Murray N. Rothbard, R.I.P.
I came to libertarianism through taking The World's Shortest Political Quiz at a gun show in Richmond. (That's one version of the story. Another is that 10 years earlier, my mother baptized me a libertarian when I told her she wasn't being liberal and she told me I had the wrong L-word in mind.)
I had already quit the Democrats, but was still voting and calling myself "independent". Now I joined the Libertarian Party and started handing out the business-card-sized version of the quiz and talking to people about the ethics of economic liberty.
It turns out that around the same time, Murray Rothbard died. I had no idea who he was.
My libertarian reading consisted first of Robert Anton Wilson and later of Wendy McElroy. I can't remember how I discovered McElroy, but Wilson was one of those writers all the weirdos in college knew and loved -- so, true to my established habits, I read his stuff several years after I no longer knew anyone who had heard of him.
Wilson and McElroy (and Ken MacLeod) lead me to Benjamin Tucker and to Individualist Anarchism, which manifested in BlackCrayon.com.
Meanwhile, I was crossing the name Rothbard more and more. Never happily. Who was this "Mr. Libertarian" and how dare he (or his followers, rather) claim himself to be so central to this movement that now defined my life (but about whose history I apparently still knew nothing).
McElroy went so far as to claim that the modern libertarian movement was founded in Rothbard's livingroom on the Upper West Side of Manhattan -- which is more or less where I grew up. The nerve of this man: I'd never heard of him!
MacLeod said that the anarchies in his novel were based on the writings of Murray Rothbard and David Friedman. He also talked in the novel about Ludwig von Mises, some dead old-world economist.
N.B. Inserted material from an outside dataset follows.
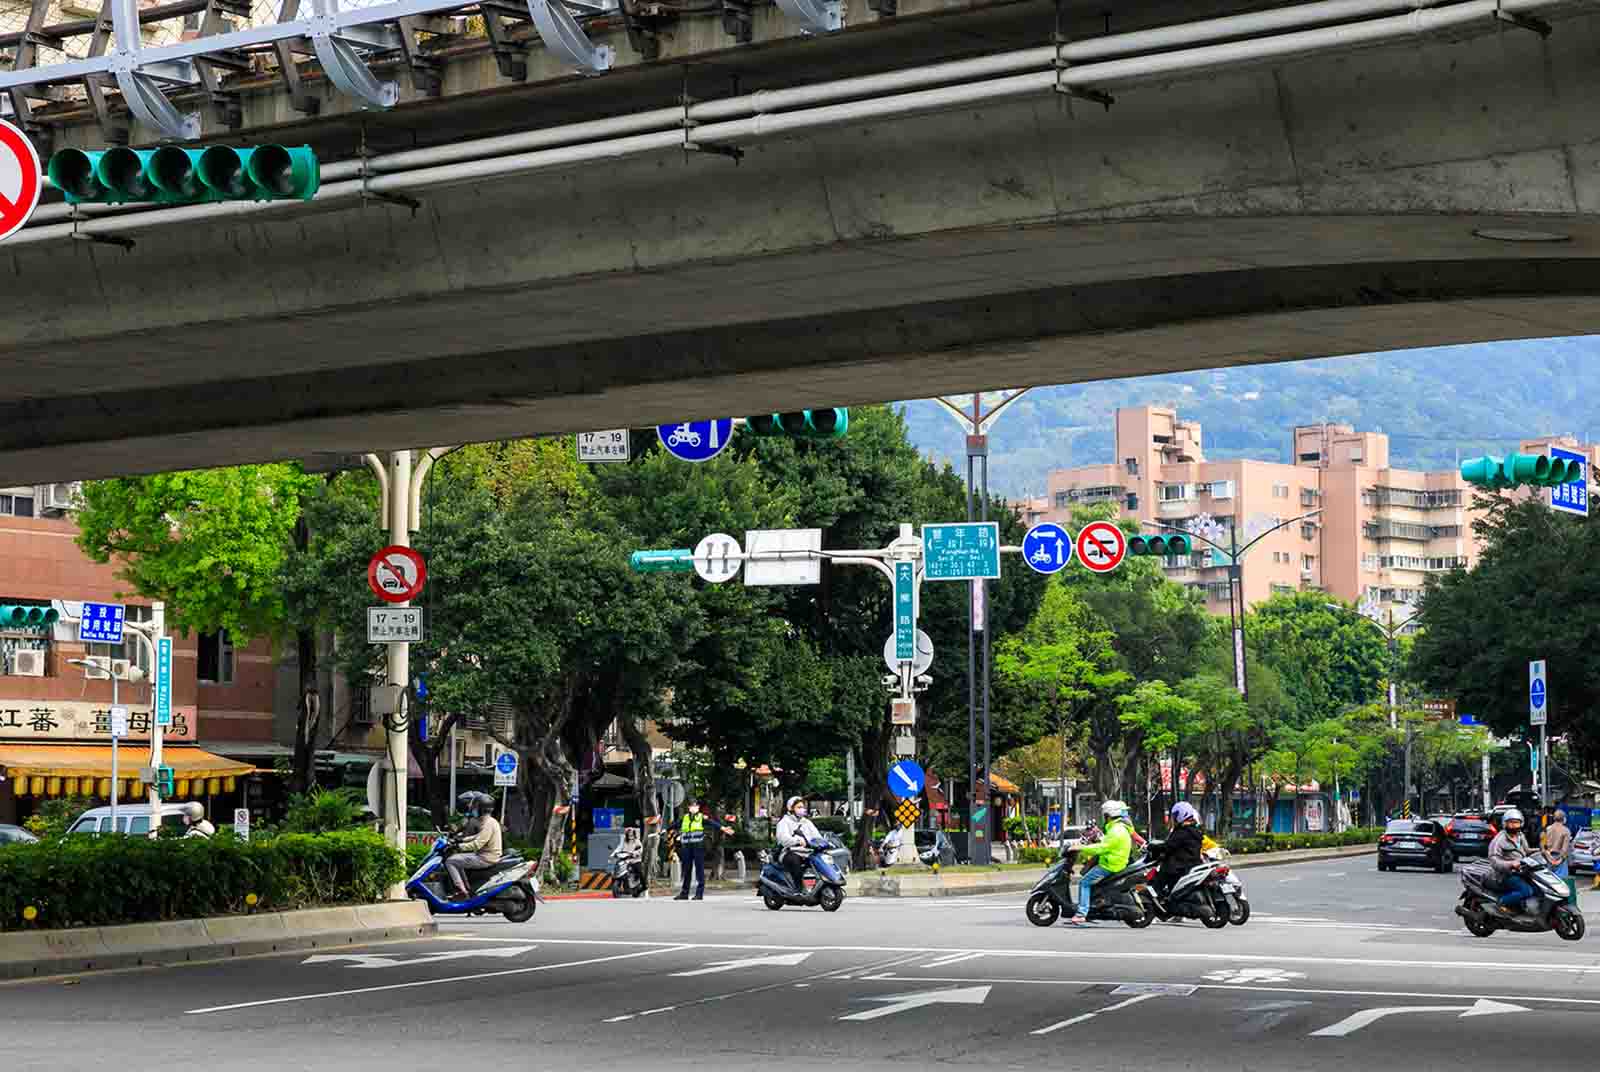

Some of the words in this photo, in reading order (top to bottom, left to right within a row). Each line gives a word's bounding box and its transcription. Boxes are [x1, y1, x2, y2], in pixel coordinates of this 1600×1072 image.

Economics didn't interest me yet, but I had to read the Friedman and Rothbard books he'd referred to. And I did. And I like them both, but I was clearly a natural-law Rothbardian and not a utilitarian Friedmanite.
I added a Murray Rothbard page to BlackCrayon.com and looked into creating a Rothbard website. But now I learned there were these other websites -- Mises.org and LewRockwell.com -- seeming to represent the great man's work. Again, I was put off. Who were these people I had never heard of claiming to represent the legacy of this other guy I had only recently heard of!? Such chutzpah!
(Yes, I know that all this outrage makes me sound like I was in my teens, but I was already in my thirties. Some of us develop slower than others.)
Today, January 7th, 2005, it's the 10-year anniversary of Murray Rothbard's death. I'm not positive how long I've been part of the movement, but I've decided to call it 10 years as well. Nice symmetry that way.
I know that the calendar marks arbitrary units and aggregates of time only roughly corresponding to some combination of our planet's motion around itself and our star as counted in the number system of our evolved anatomy, but still: a 10-year anniversary has an emotional impact on me. It feels meaningful. I feel sad that he died before I'd heard of him, sad that I never got to meet him. I'm now in correspondence with plenty of people who did know him, and I'm unbelievably envious of them. (See emotional-maturity comment, above.)
On my Murray Rothbard page, I link to the two books I'd recommend starting with, for those of you fortunate and unfortunate souls who don't know them yet. (They're also available, gratis, in electronic format here, here, and more generally here.)
To mark the occassion, today's Daily Article from the Ludwig von Mises Institute (and also the lead article at LewRockwell.com) is here:

2 Comments:
I knew Murray personally, and he was an amazing character, no doubt. But while I learned a few things from him personally, it was quite small in comparison to what I learned from his writings. I grieve less for his presence than for what he didn't contribute, such as the last volume of his history of economic thought. Yes, I miss Murray, but more I miss new writings by Murray.
I just published a little entry about this - for now - and saved other entries as drafts, which I hope to publish soon. (It sucks being in this situation...)
I had thought that, when this anniversary comes, I should post something about it, and about Professor Rothbard, who I discovered a few years ago. I would have forgotten about the anniversary for today, however, if I hadn't checked LewRockwell.com.
I'll have more material up soon.
Thanks for posting this entry, to remember this fascinating man.